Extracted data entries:
+ + + +

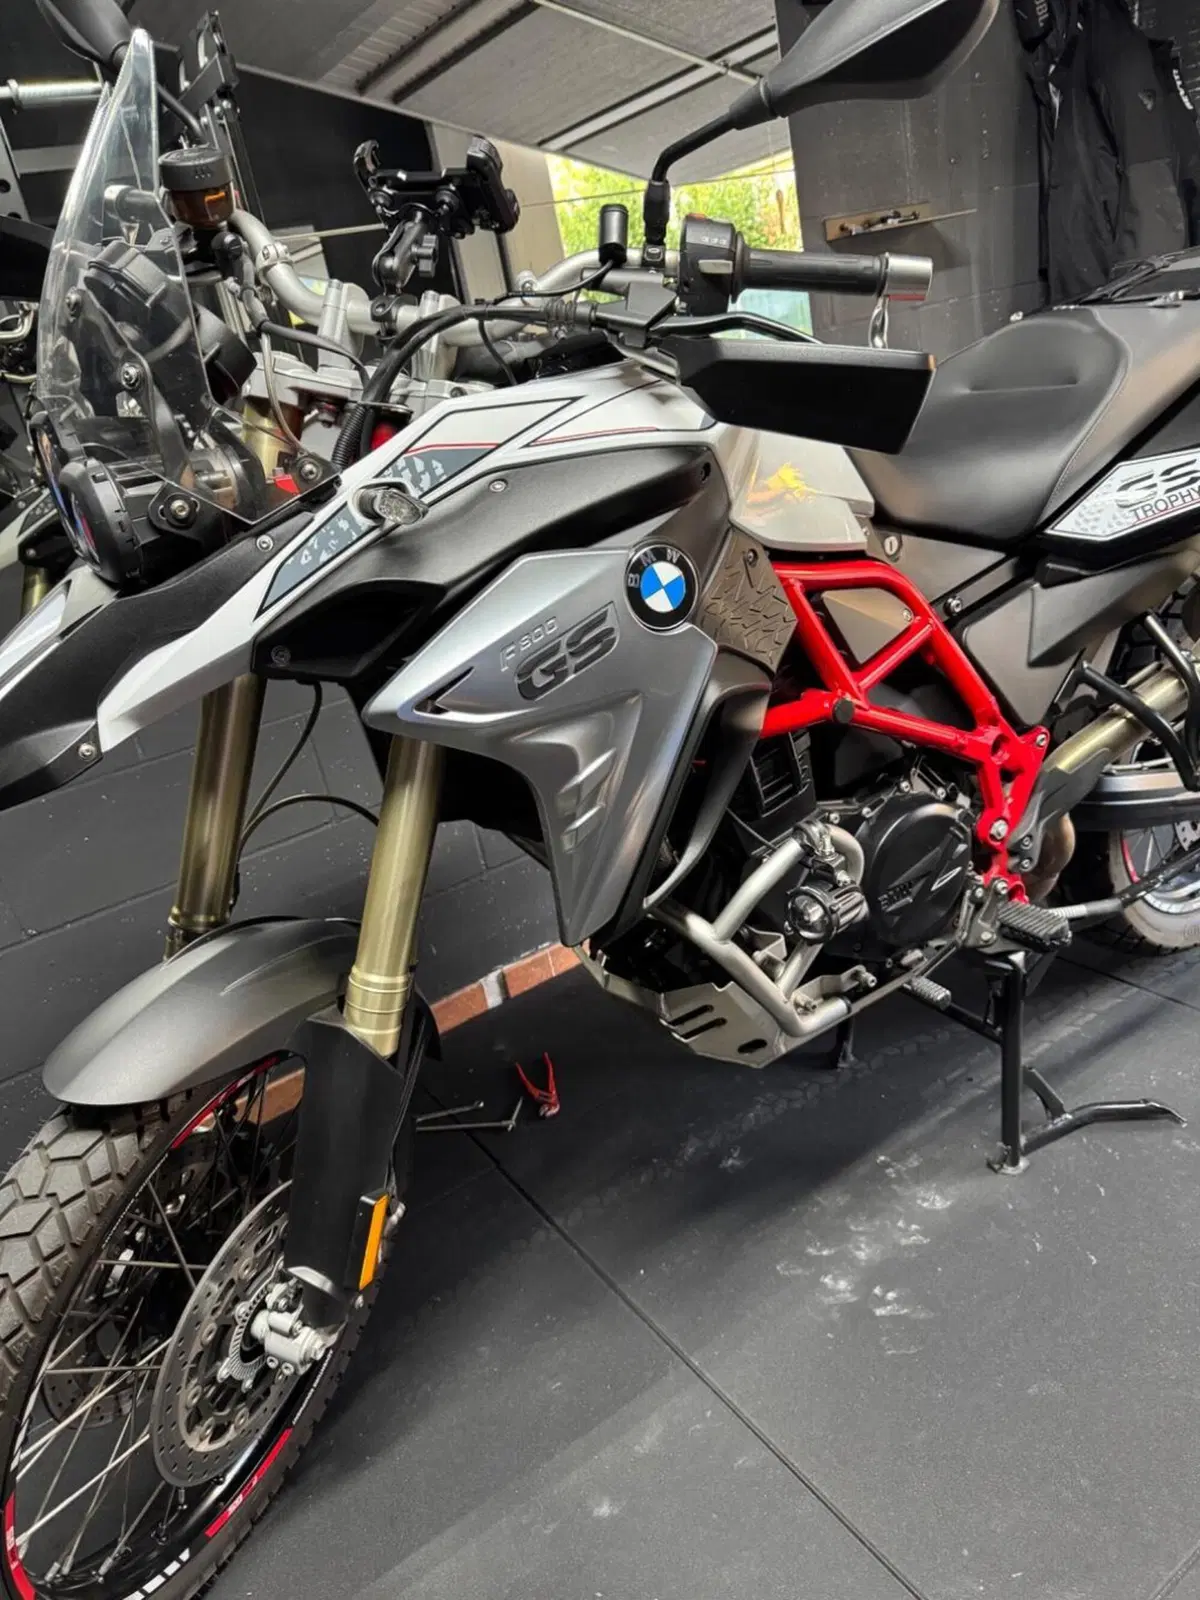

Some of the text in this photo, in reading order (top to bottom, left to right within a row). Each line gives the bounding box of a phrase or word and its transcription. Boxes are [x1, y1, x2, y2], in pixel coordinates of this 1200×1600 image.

[1131, 486, 1200, 521] TROPHY
[628, 549, 680, 588] BMW
[500, 642, 517, 672] F
[514, 601, 619, 701] GS

+ + + +

Required work: Your task is to reproduce every record exactly while omitting the pictures.

Response:
Some of the text in this photo, in reading order (top to bottom, left to right within a row). Each line gives the bounding box of a phrase or word and its transcription. Boxes are [x1, y1, x2, y2], in pixel coordinates of this 1200×1600 image.

[1131, 486, 1200, 521] TROPHY
[628, 549, 680, 588] BMW
[500, 642, 517, 672] F
[514, 601, 619, 701] GS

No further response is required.